For some, the allegations of corruption from a multibillionaire leader of an autocratic oil dynasty were hard to stomach. Saudi Arabia is a state controlled and largely owned by one extended family, of which the crown prince is a key part. “These people [who have been arrested] are well associated in the public eye with corruption issues,” said Graham Griffiths, a senior analyst at consultancy Control Risks. “But in many ways they’re no different from other members of the economic elite and royal family.”

In a statement broadcast this year, the crown prince had spoken of his desire to drastically reform the kingdom. For the first time in recent history, a Saudi leader was taking on the sclerotic system of consensus-based governance within the extended royal family — replacing it with a more direct political model.

The prince, analysts say, knows his public better than any other Saudi leader. He is also more ambitious. This year, he pushed past his cousin Mohammad bin Nayef — a veteran security chief known as American’s favourite Saudi — to become crown prince. He promptly eased up on the medieval restrictions on women and pledged to lead Saudi Arabia away from its dependence on oil: encouraging tourism and growth of the technology sector.

Amid the headline-grabbing and the semi-liberal rhetoric, however, lies a darker edge, which many fear could destabilise the kingdom, throwing the region into chaos.

Much as President Vladimir Putin clamped down on the oligarchs in the 2000s, analysts said the prince was asserting his control over the system by cleansing it. But there are other potential parallels to Putin. As the public cheered the arrests, fears began to rise over the nature of this new system: streamlined, more efficient, but decidedly autocratic.

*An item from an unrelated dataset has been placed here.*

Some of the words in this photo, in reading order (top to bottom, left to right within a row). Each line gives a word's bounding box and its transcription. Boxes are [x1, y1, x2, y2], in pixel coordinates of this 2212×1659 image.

“This is what opaque, unaccountable, monarchic rule looks like,” said Tamara Cofman Wittes, a senior fellow at the Brookings Institution, a think tank. “The way this was done is not a way that gives any transparency. If you’re another senior prince or another senior businessman, you don’t know what you can do to avoid a similar fate.”

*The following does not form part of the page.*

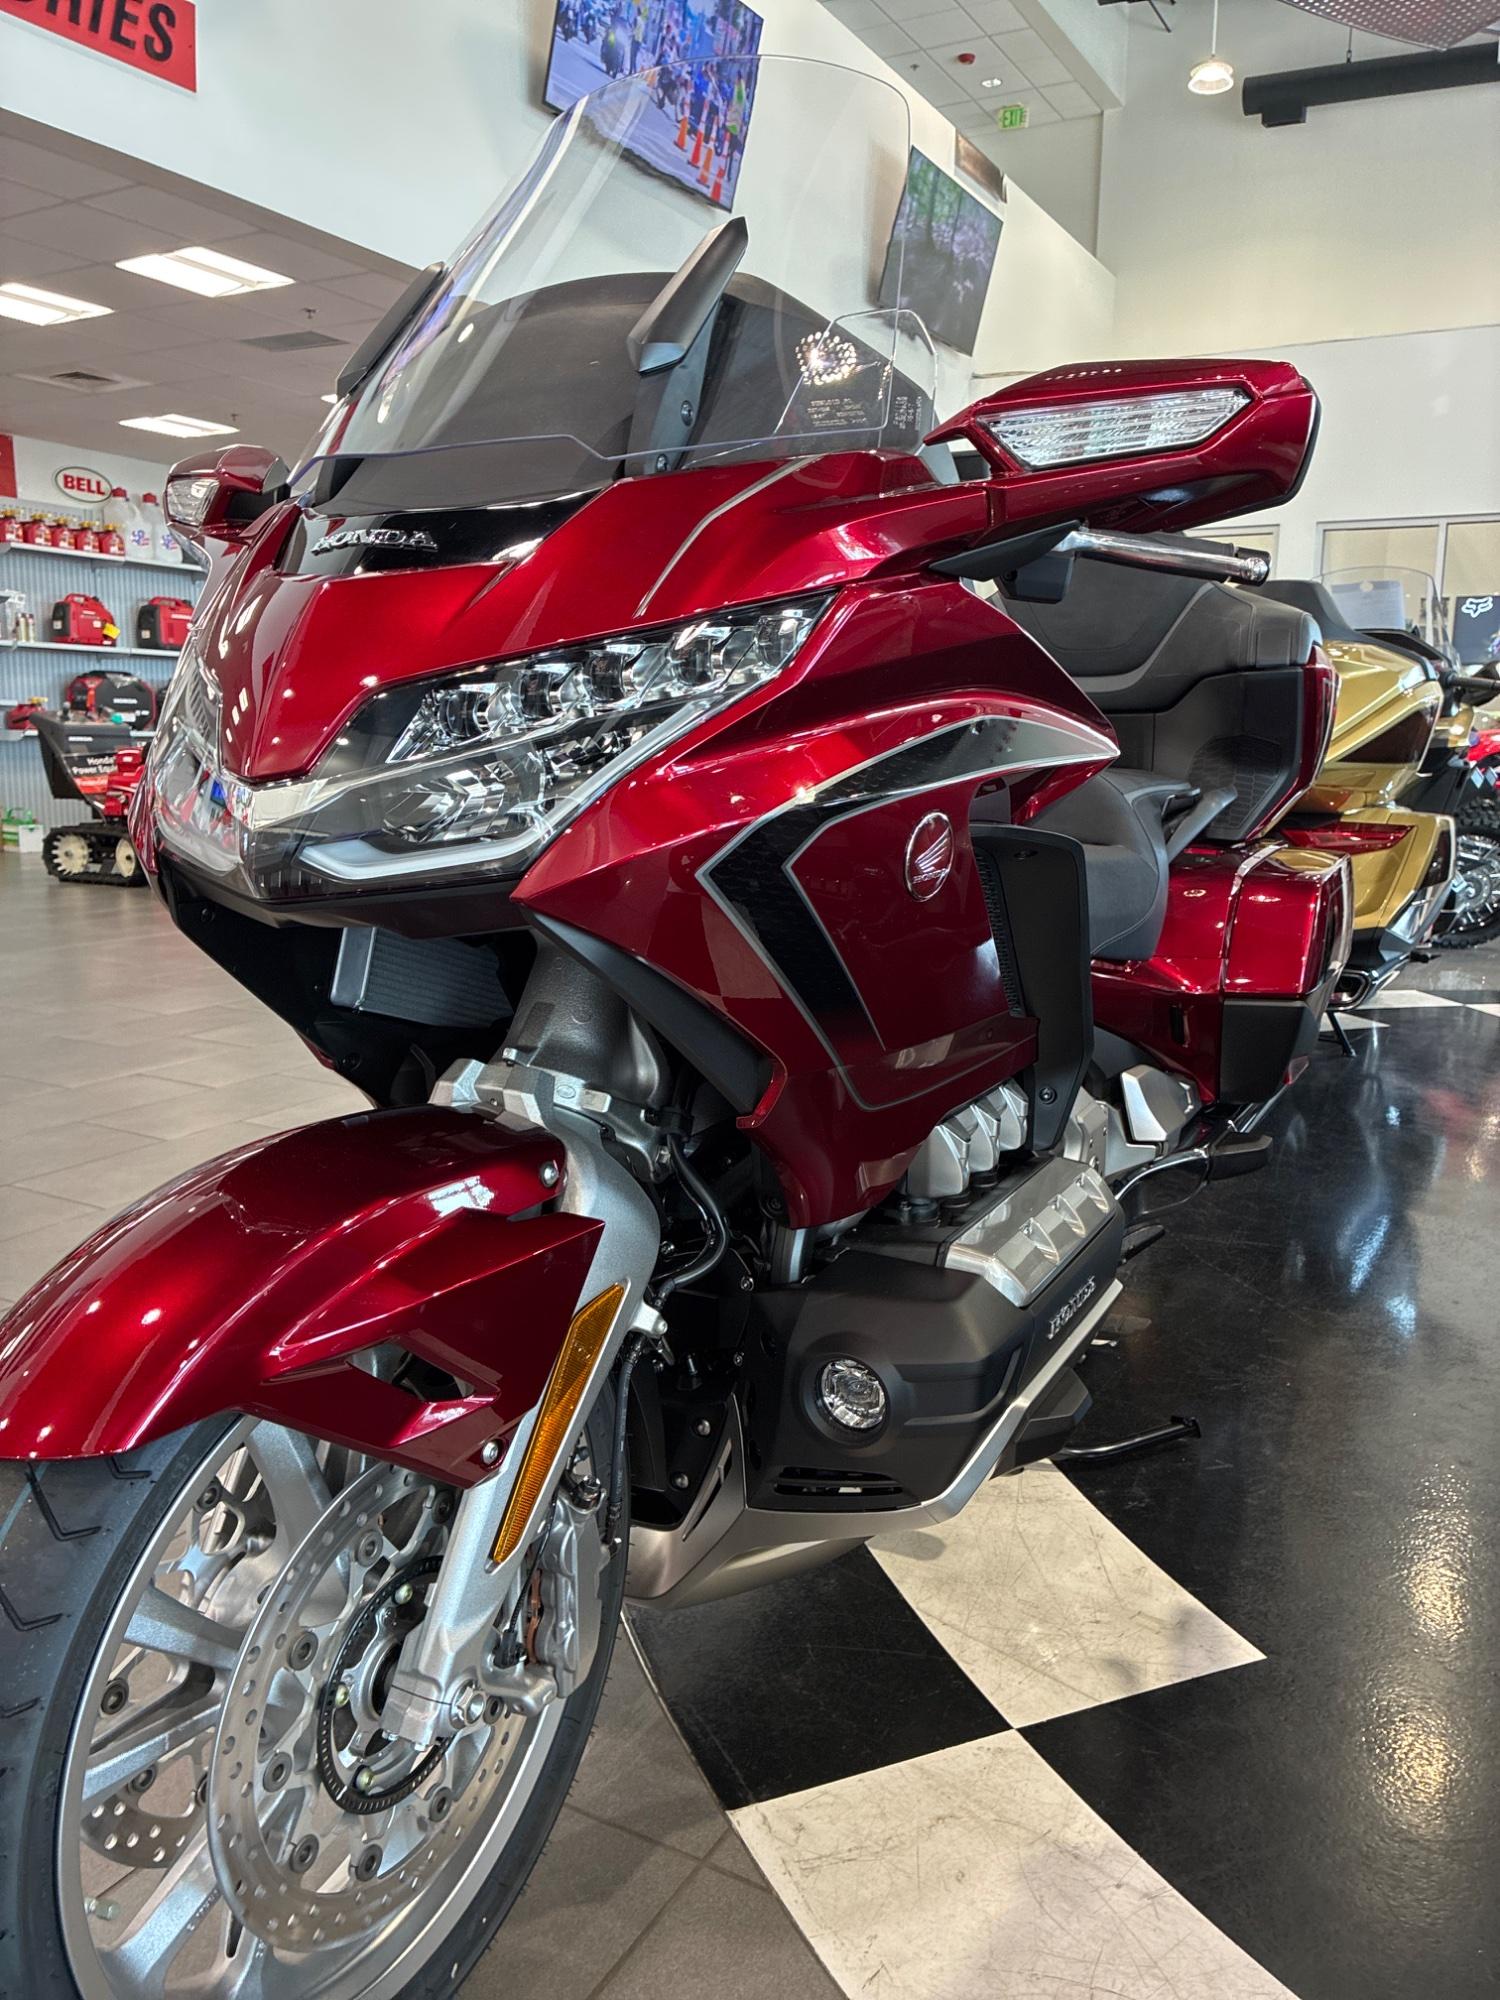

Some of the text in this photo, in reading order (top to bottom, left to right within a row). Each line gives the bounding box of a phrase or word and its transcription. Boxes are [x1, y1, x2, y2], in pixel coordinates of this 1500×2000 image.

[15, 0, 176, 62] IES
[63, 474, 105, 495] BELL
[311, 529, 438, 555] HONDA

A diplomat said: “People are very anxious. They don’t know who will be next. He’s done it now: the question is whether he has bitten off more than he can chew. No one knows yet.”

Allison Wood, also a Middle East consultant for Control Risks, said Mohammad wanted to be “prince of a new generation”. “What will be critical with all of this is whether he can convince everyone that this is a real change in the way the business environment is run,” she added.

The crown prince, who is keen that the arrests do not alarm the international business community, has pledged that the accused will face a fair and transparent legal process. On Thursday, 56 judges were appointed or promoted by the king.

Significantly, the cases will be handled by the public prosecutor rather than in sharia religious courts.

The reforms have already riled Saudi’s powerful clerical establishment, and the royals who support them. Though there is no public opinion polling in the kingdom, it is clear that for all the modernising rhetoric, there is a large section of Saudi society that fanatically opposes the country’s liberalisation.

“He has made some very bad people very angry,” said a diplomat. “We just need to hope that he can handle it.”

Though the Saudi religious establishment defers to the royal family, it commands a lot of support within Riyadh’s centres of power.

Since the foundation of the Al Saud dynasty in the 18th century, the family has ruled alongside the clerics, whose support underpins its claim to rule and enforces the kingdom’s ultra-strict interpretation of Islam.

Even in the 21st century, the religious establishment holds immense power: sending moral enforcers onto the streets to chastise women and using government funds to promote its illiberal Wahhabi Islam abroad. But over time, its influence has been eroded. Now dozens of hardline clerics have been arrested, and many more fear detention.

As the purge continues, the challenge facing the young crown prince is to complete his reach for power without risking insurrection from the old guard. Some see him taking the crown very soon.

“I would say that we will see an abdication within six months,” said Michael Stephens, a Middle East research fellow at the Royal United Services Institute. “He will become king. It’s a question of when his father is handing the keys over.”